5.   ADDITIONAL NEGATIVE COVENANTS

     5.1  CONSOLIDATION, MERGER, DISSOLUTION, AND SALE OF ASSETS. (a) Borrower
shall not: (i) directly or indirectly merge into or with or consolidate with any
other entity or permit any other entity to merge into or with or consolidate
with it,  (ii) sell, assign, transfer, abandon or otherwise dispose of
substantially all of its assets or (iii) wind up, liquidate or dissolve or
otherwise fail to maintain its existence.

     (b) Other than in the ordinary course of business, Borrower shall not, and
shall not permit any of its subsidiaries to sell or otherwise dispose of any
substantial part of its assets or of any substantial part of its subsidiaries'
assets during any rolling twelve (12) month period, or enter into a sale and
leaseback of any substantial part of its properties; provided however, Borrower
may sell or otherwise dispose of a substantial part of its assets or assets of a
subsidiary as long as the proceeds from such sale in excess of a substantial
part of its assets are reinvested in Borrower or the subsidiary's business
within the 12 month period following such sale of assets, and if not so
reinvested then Borrower will make an offer on a pro rata basis with other
senior indebtedness, if any, to repay the Note, to the extent such proceeds are
not reinvested, at the Make-Whole Amount (as defined in the Note) from such
excess proceeds.  For the purpose of this covenant only, "SUBSTANTIAL PART"
refers to assets

                                        -5-

/Page

which constitute ten percent (10%) or more of the total assets of Borrower and
its subsidiaries on a consolidated basis (as of the end of the most recent
fiscal quarter at the time of calculation).

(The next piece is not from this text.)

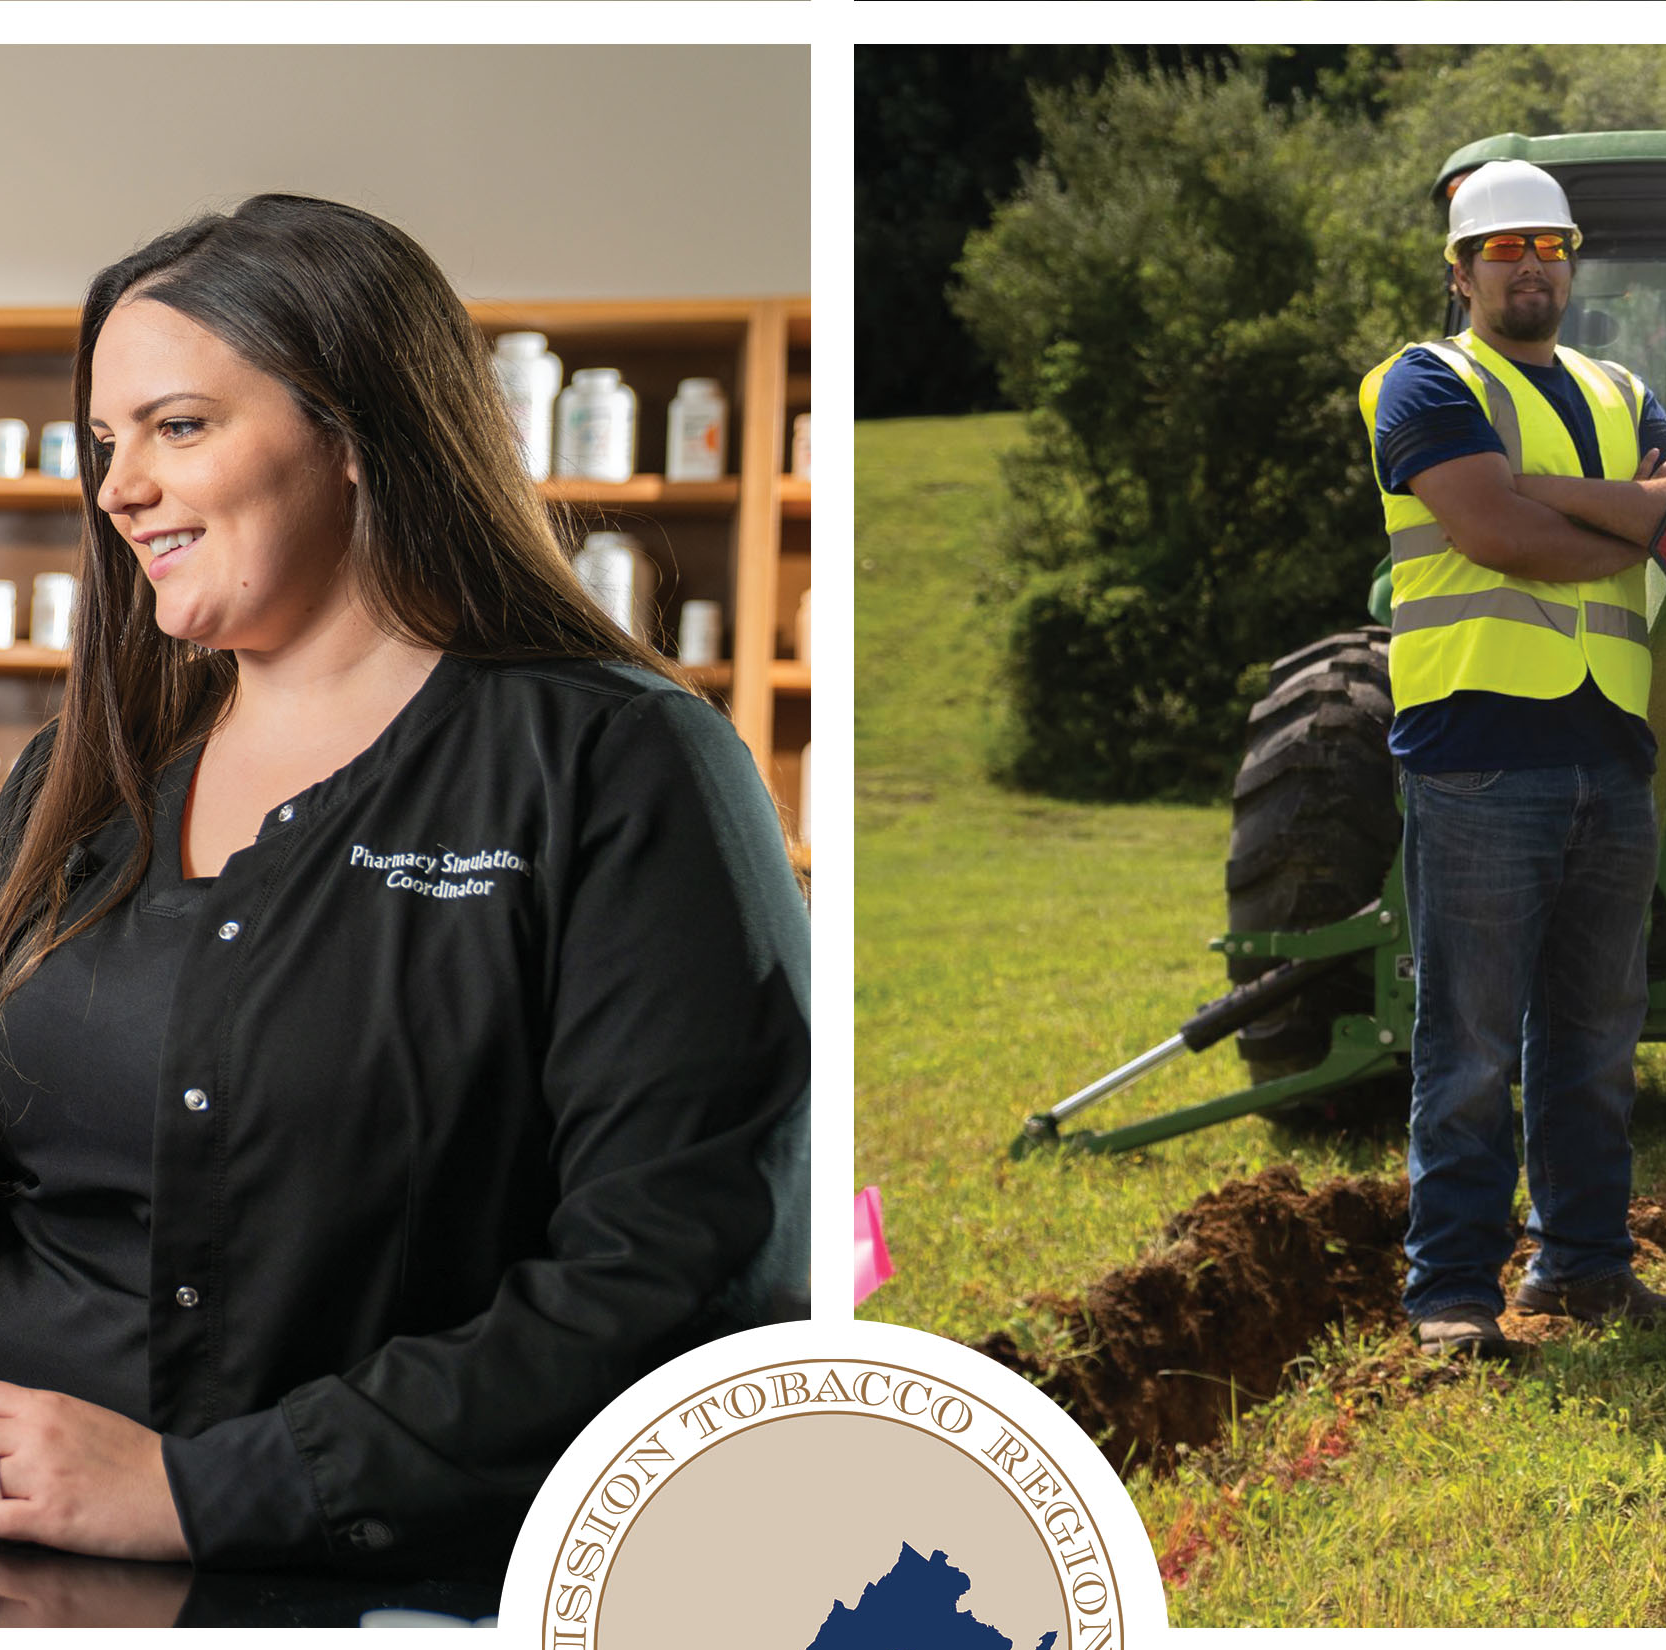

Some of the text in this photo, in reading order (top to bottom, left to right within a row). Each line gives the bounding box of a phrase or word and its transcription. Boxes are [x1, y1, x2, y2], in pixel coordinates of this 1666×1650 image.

[350, 845, 531, 877] Pharmacy Simulation
[386, 870, 495, 900] Coordinator

     5.2  USE OF LOAN.  Unless Lender otherwise consents, the Loan proceeds
shall be used only for any one or more of the following purposes: (a) to fund
the drilling of the New Wells and to conduct operations and pay expenses
relating to the New Wells, (b) to expand the gas gathering system relating to
the Project and to conduct operations and pay expenses related to the gathering
system, and (c) to lend funds to other participants in the Project for the
purposes noted in clauses (a) and (b) of this Section.

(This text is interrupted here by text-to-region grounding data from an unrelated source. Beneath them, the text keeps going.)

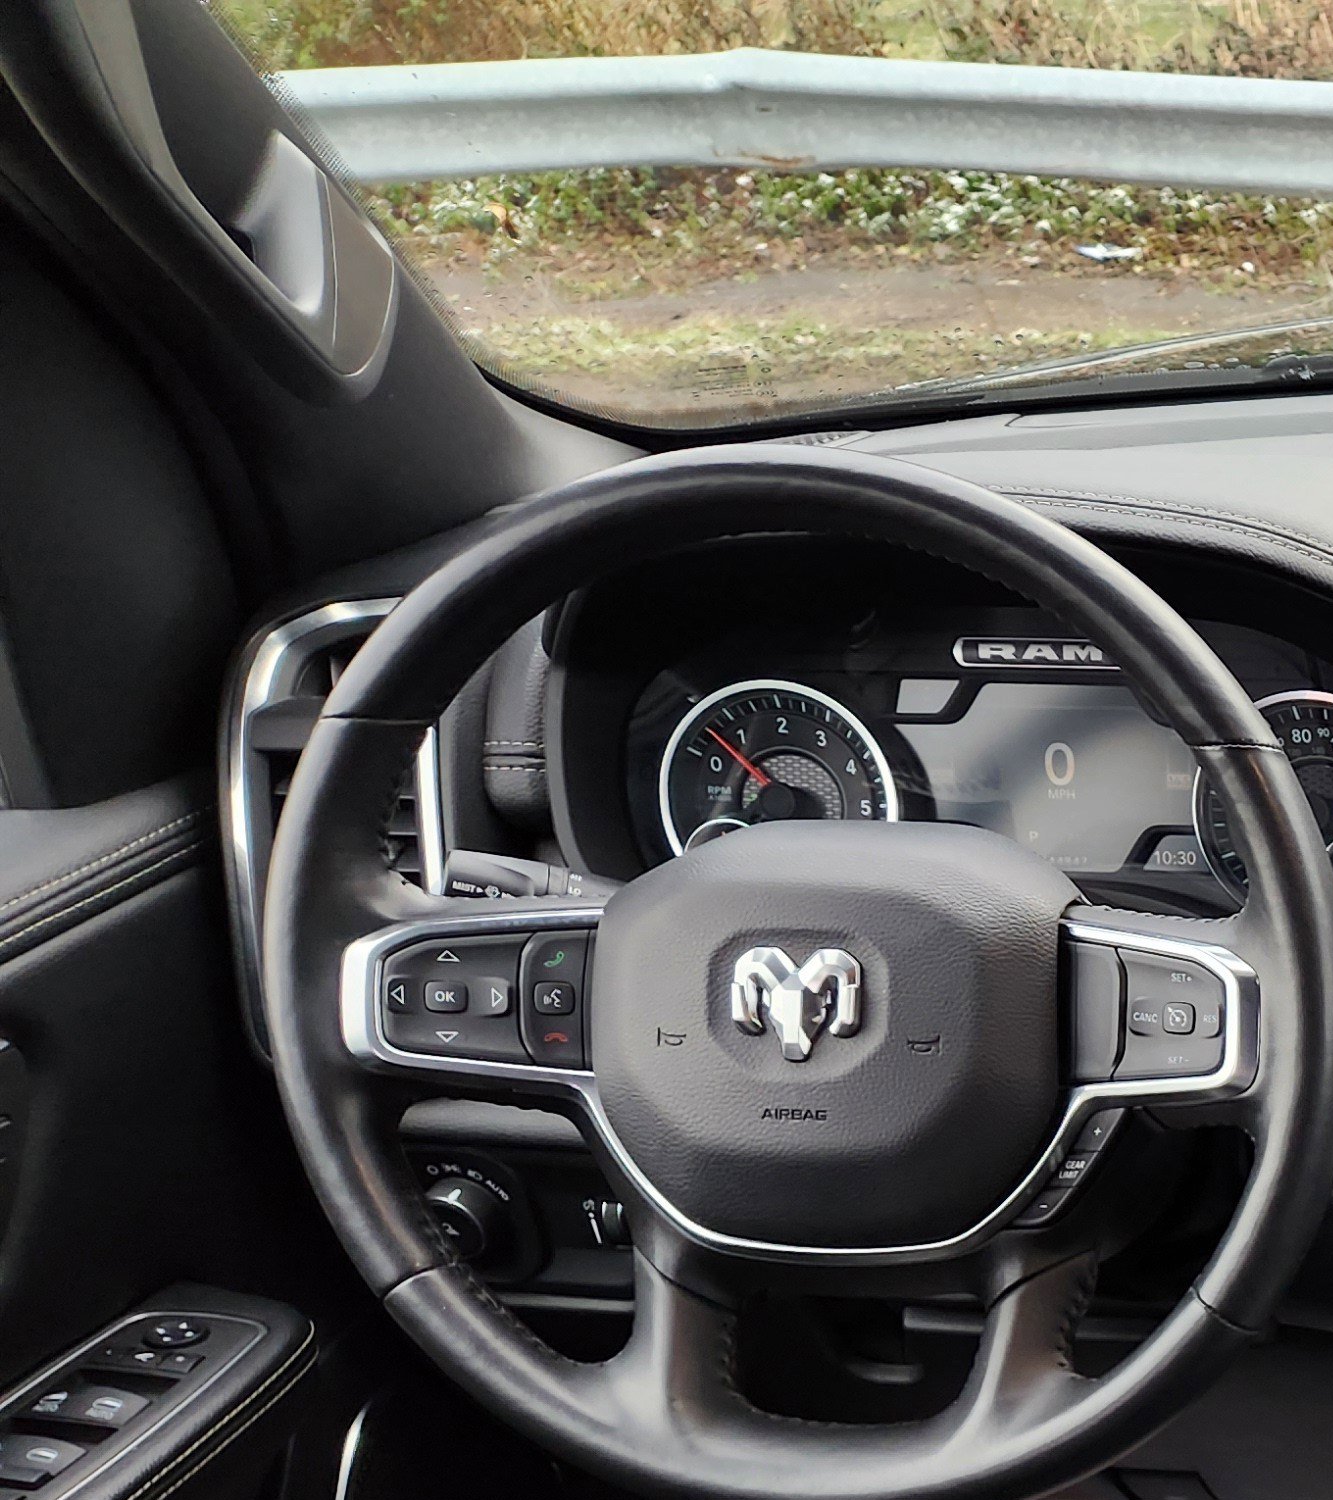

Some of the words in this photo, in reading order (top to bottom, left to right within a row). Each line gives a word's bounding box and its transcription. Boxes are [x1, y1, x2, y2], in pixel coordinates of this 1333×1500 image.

[978, 643, 1103, 661] RAM
[777, 717, 789, 734] 2
[1317, 728, 1330, 738] 90
[736, 729, 746, 744] 1
[815, 730, 827, 747] 3
[1291, 728, 1312, 744] 80
[710, 756, 723, 772] 0
[846, 759, 857, 775] 4
[1045, 742, 1075, 786] 0
[707, 785, 732, 795] RPM
[1048, 789, 1076, 800] MPH
[860, 800, 872, 816] 5
[1029, 830, 1038, 842] P
[1154, 850, 1196, 866] 10:30
[434, 991, 456, 1003] OK
[1132, 1011, 1159, 1023] CANC
[1203, 1014, 1217, 1023] RES
[760, 1108, 828, 1121] AIRBAG
[1065, 1160, 1087, 1170] GEAR
[1059, 1170, 1080, 1179] LIMIT
[485, 1179, 509, 1201] AUTO

     5.3  CHANGES IN NATURE OF BUSINESS.  Borrower shall not engage in any
business if, as a result, the general nature of the business which would then be
engaged in by Borrower as a whole would be substantially changed from the
general nature of the business engaged in by Borrower as of the date of this
Agreement, which is oil and gas exploration, production, and transportation.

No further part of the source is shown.